A few years ago I got fired from a job (after 7 work days).. not going to mention the dentists name but lets just say everytime I told people who I got fired from they said, "you made it that long? That might be a record." ANYWAYS.. I was without a job for about a month living off unemployment. The first week was amazing, no work and just relaxing, and it was in July so I got to lay out and what not. Well after the first week I got really bored and anxious. I didnt realize how much a job meant to me. I like being challenged (i didnt know that) and I like having something to do every week, socially or whatever.
I have always looked up to my mom, she stayed home and raised me and Elizabeth until we were in high school. She had a part time job at the school during lunch time and then got a job at Kennedys as a cook when we were older but she was always there for us. She raised us, not a babysitter or preschool. I admire that. We didnt grow up with loads of money, but we always had enough. We went on a family vacation every year and didnt live beyond on means. Which also meant, I bought my first car when I was 18 from my parents for $4000 (cash!) and my sister did the same (I think she paid $6000 because her car was newer). We both had jobs since we were 15-16 years old and Im really glad my parents didnt just hand us stuff. We had to work for it. Ive never been one to think money was more valuable then people and I think thats one of the things my parents enstilled in me. Dan and I could both work full time/overtime and make good money and have nice things, big house, expensive cars... but is it really worth it if you never see or spend time with your family? Not to me.
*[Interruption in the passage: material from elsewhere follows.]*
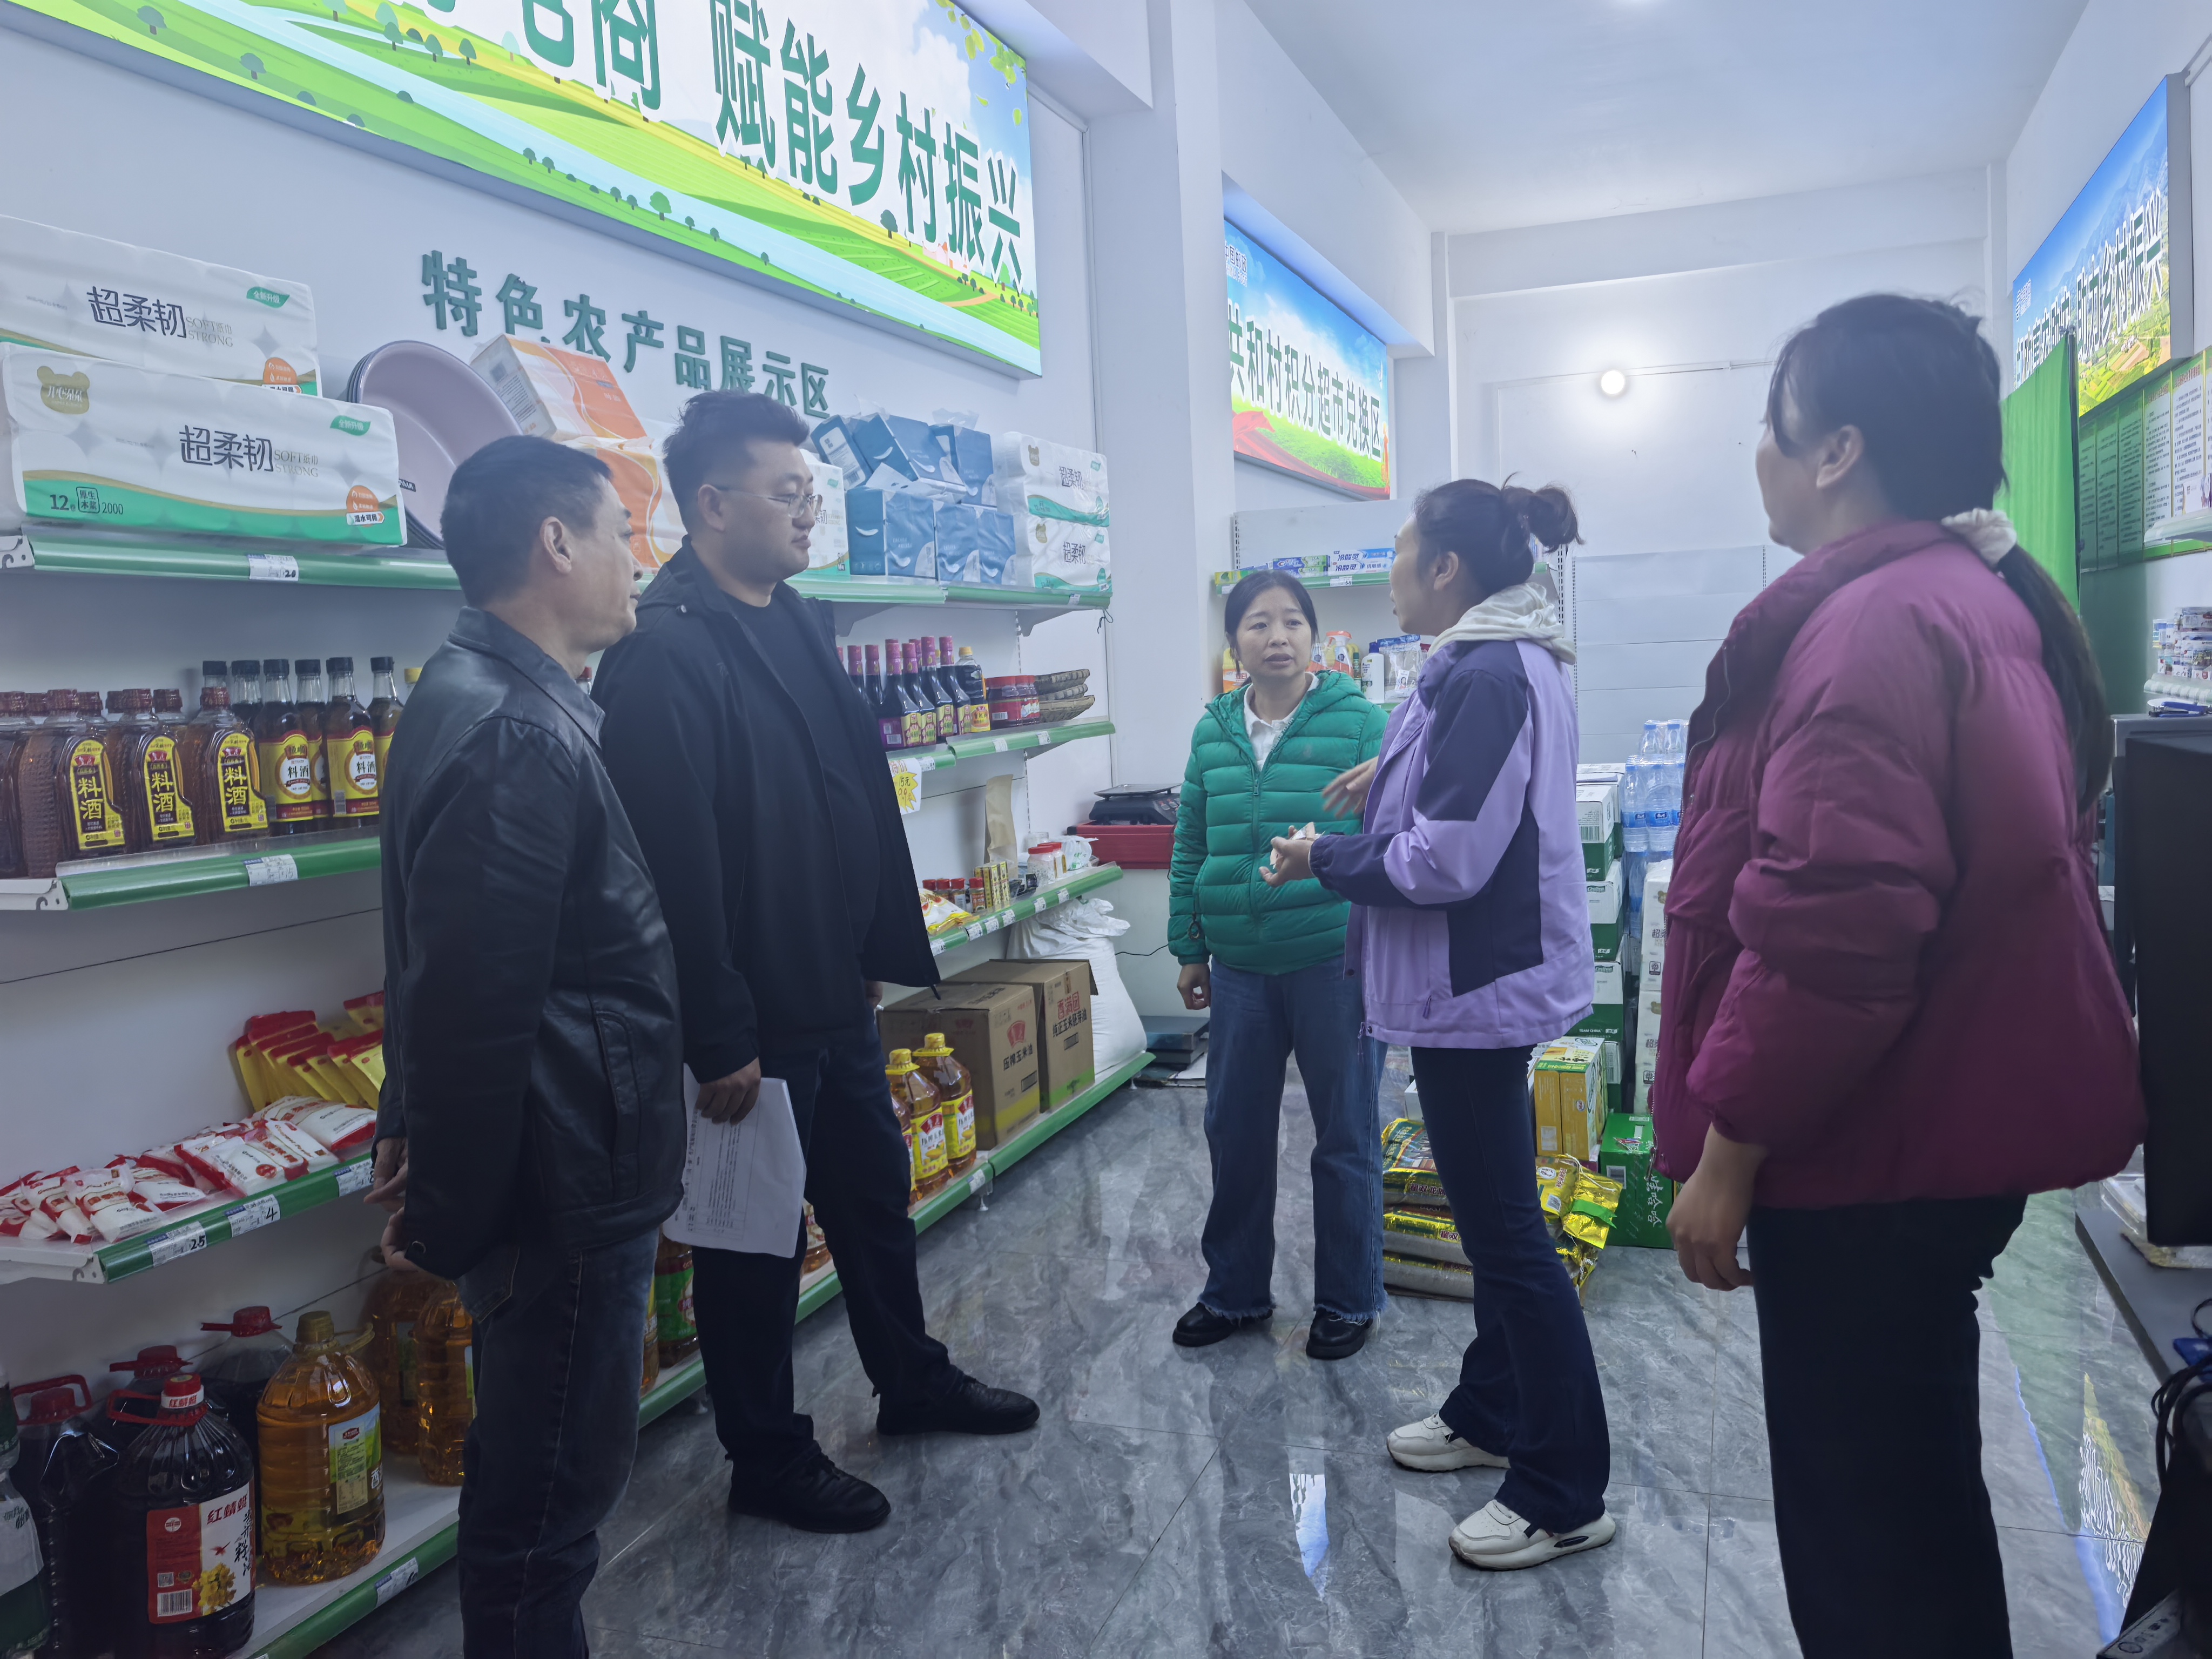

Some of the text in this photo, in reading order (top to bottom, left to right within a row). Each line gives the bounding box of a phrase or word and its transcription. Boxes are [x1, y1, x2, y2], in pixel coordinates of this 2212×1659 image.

When you are on your death bed at 9o years old, " are you going to say, I wish I worked more, I wish I bought that.." or are you going to say, I wish I spent more time with that person.." ?
I think working part time is the best solution for me, I will be able to spend as much time with my children as I want and also fulfill my need to work. My mom and Dans mom (and of course, Dan) will be watching/raising them when Im not and I feel very fortunate to have them in my life.